I am going to just start from January of this year rather than go back five years. The problem is that I am unsure where to start. The opening balance for the parent account is from 2018 and it is completely different from the credit cards individual opening balances and the statement has another balance. I need to fix it, but I am not sure how to do it. I am very confused as to how to correct this. I am almost certain that I need to just change the opening balance or at least update it, but this makes me nervous because I don’t want to cause any major issues. I don't understand why each card has a different opening balance or why the individual transactions don't show up in the parent account. How do I fix these issues so I can move forward?
Good morning, @Gdiaz1.
Thanks for following up with us. I'm happy to further explain an open balance and how it works.
When you decide to record transactions from a real-life bank or credit card account in QuickBooks, you will need to enter an opening balance. The opening balance represents the balance from the date you choose to start recording transactions in QuickBooks, which is considered the starting point of the account in QuickBooks.
For example, if you choose to set the date for June 5th, then the opening balance in QuickBooks is the balance of your real-life account's balance on June 5th.

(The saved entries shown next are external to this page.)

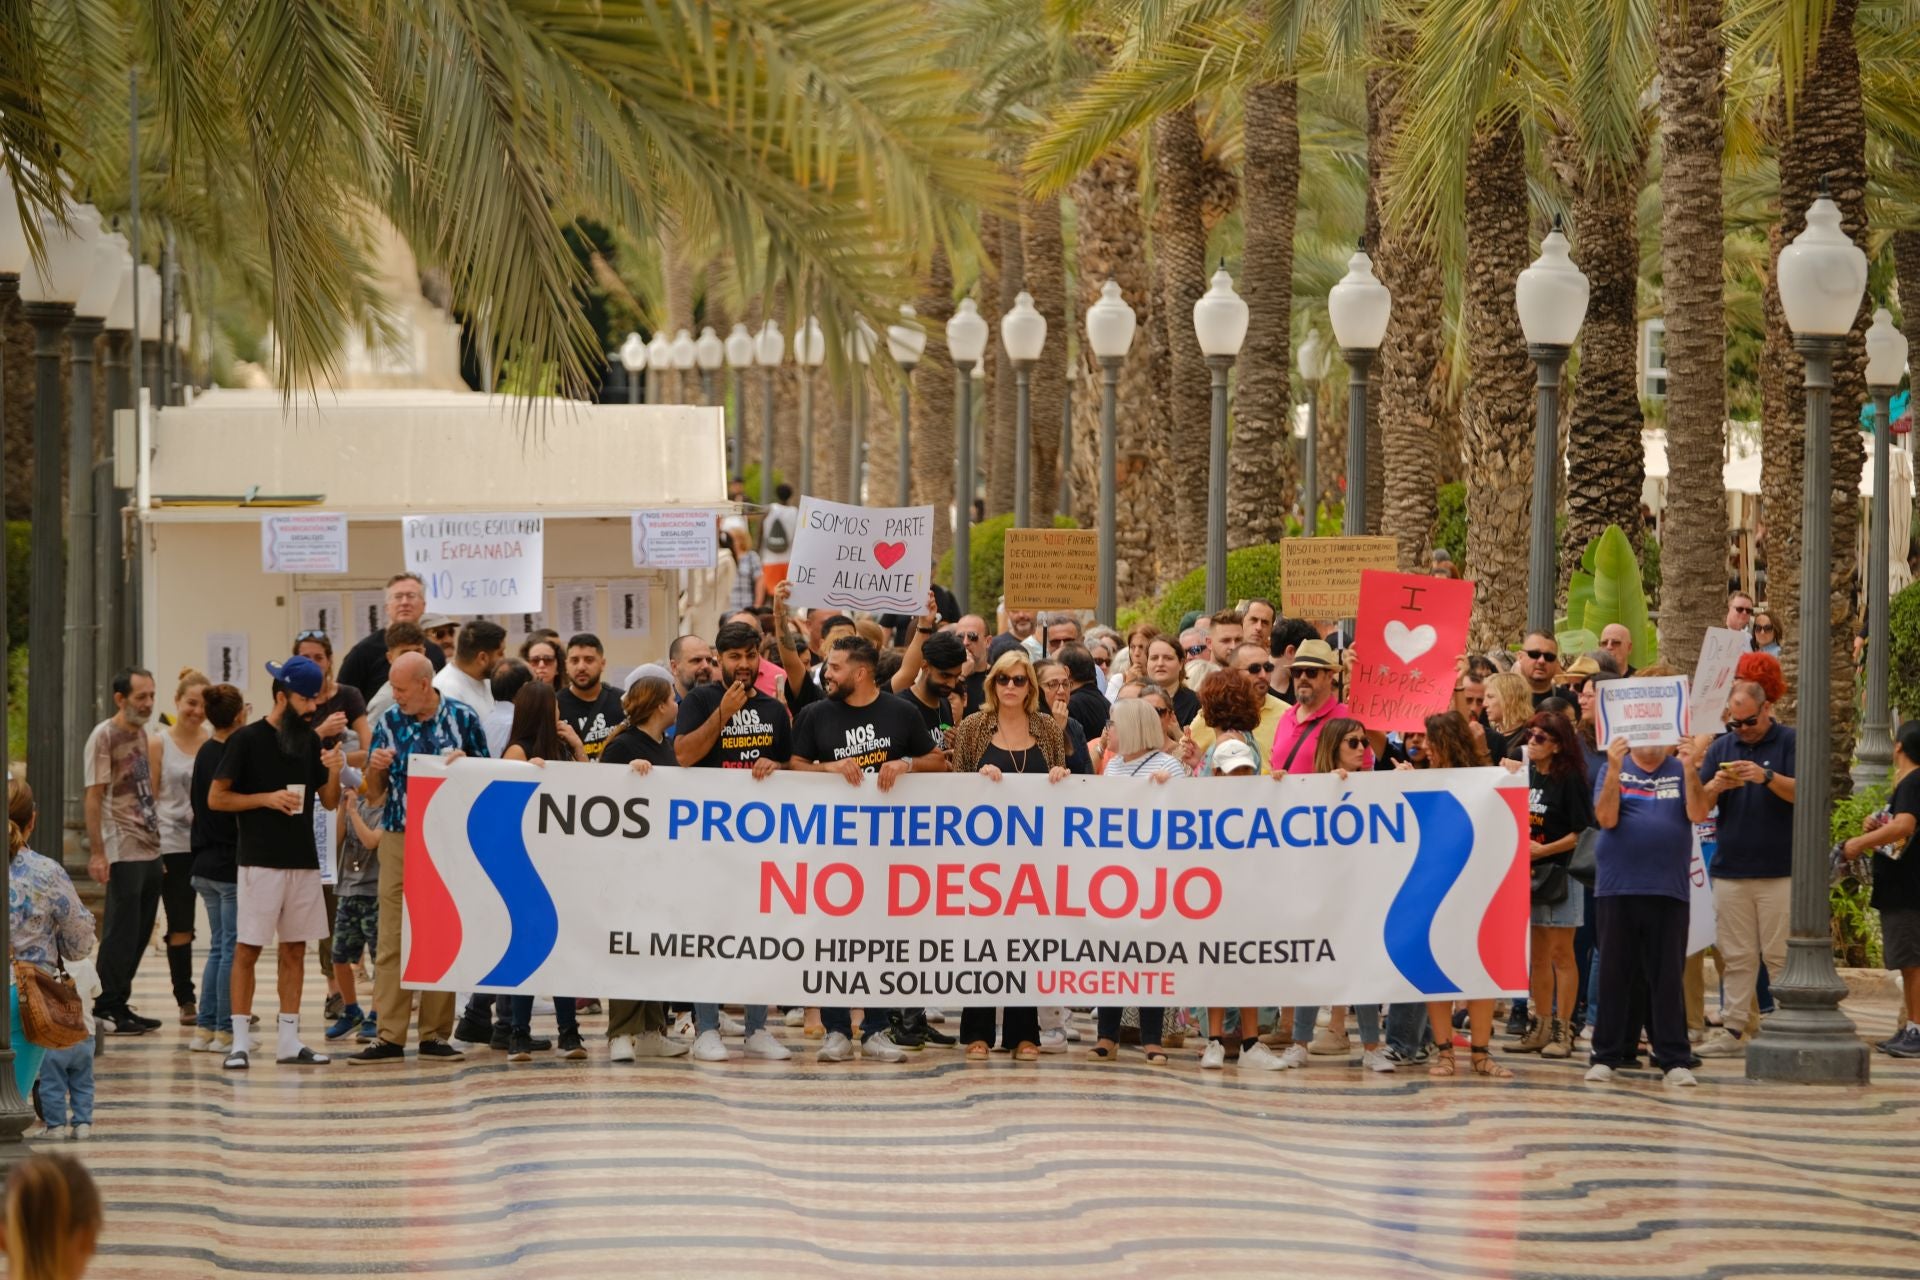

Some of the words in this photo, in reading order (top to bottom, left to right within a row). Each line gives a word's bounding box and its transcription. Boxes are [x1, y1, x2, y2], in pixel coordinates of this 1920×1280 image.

[885, 516, 925, 537] PARTE
[441, 541, 523, 560] EXPLANADA
[836, 545, 866, 562] DEL
[796, 565, 816, 585] DE
[461, 580, 478, 598] SE
[480, 577, 518, 597] TOCA
[1401, 585, 1427, 612] I
[732, 709, 760, 726] NOS
[721, 723, 774, 736] PROMETIERON
[845, 723, 876, 748] NOS
[722, 733, 773, 749] REUBICACIÓN
[833, 737, 891, 760] PROMETIERON
[740, 749, 760, 760] NO
[538, 793, 651, 839] NOS
[668, 799, 1045, 847] PROMETIERON
[1062, 792, 1407, 851] REUBICACIÓN
[759, 860, 865, 918] NO
[886, 861, 1224, 921] DESALOJO
[609, 930, 640, 956] EL
[650, 932, 805, 962] MERCADO
[815, 938, 910, 963] HIPPIE
[919, 939, 954, 963] DE
[963, 938, 998, 963] LA
[1007, 938, 1189, 964] EXPLANADA
[1198, 938, 1336, 965] NECESITA
[802, 970, 871, 995] UNA
[879, 970, 1027, 995] SOLUCION
[1036, 969, 1175, 996] URGENTE
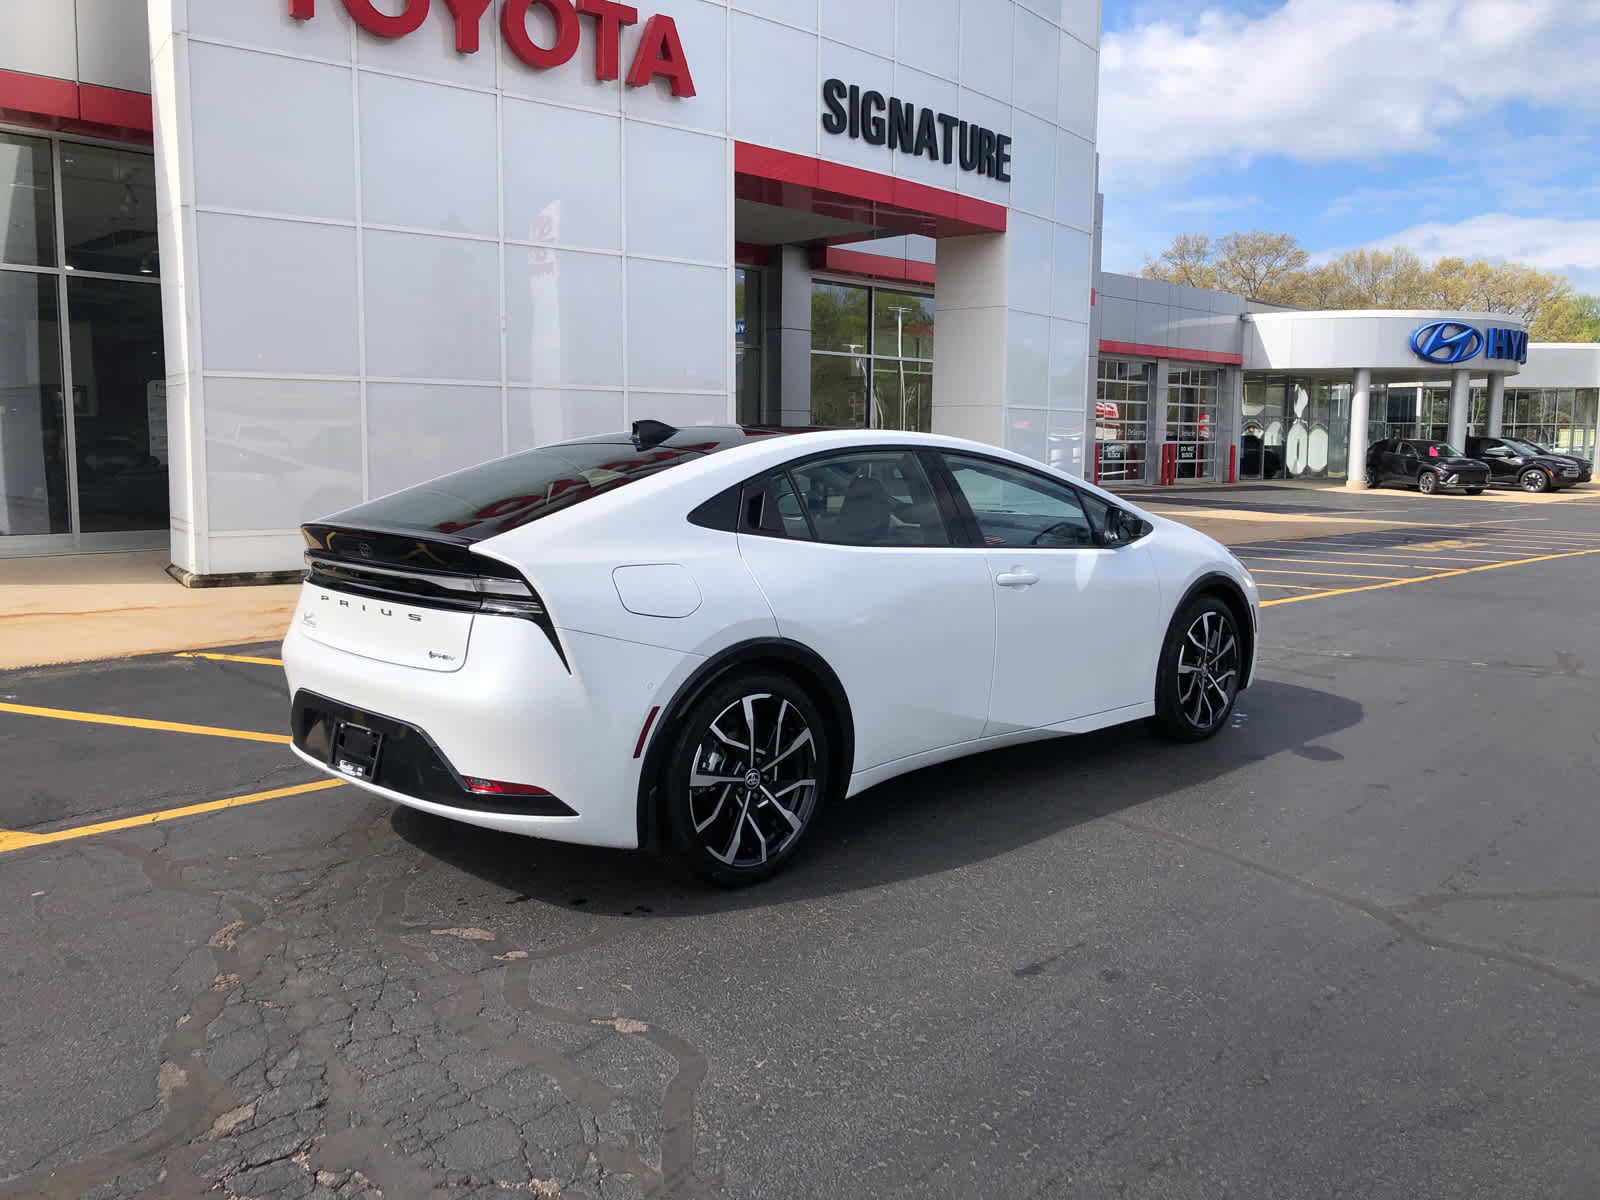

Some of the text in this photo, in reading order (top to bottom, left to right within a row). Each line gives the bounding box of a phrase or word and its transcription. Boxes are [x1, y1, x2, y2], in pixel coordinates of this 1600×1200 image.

An opening balance summarizes all past transactions in your real-life account up to the opening balance date.
That's should have you covered. Check out more details about opening balances in What's an opening balance?
In case you may need it, I'm also including an article that covers beginning balances that you may find handy.
Additionally, I recommend contacting your accountant so they can advise rather you should change your opening balance or not. Your accountant will know what's best for you and your business. If you don't have an accountant, don't sweat it. You can find one here in our Resource Center.
Please let me know if you have further questions or concerns. Feel free to reach out to the Community at any time. Take care and have a wonderful week ahead!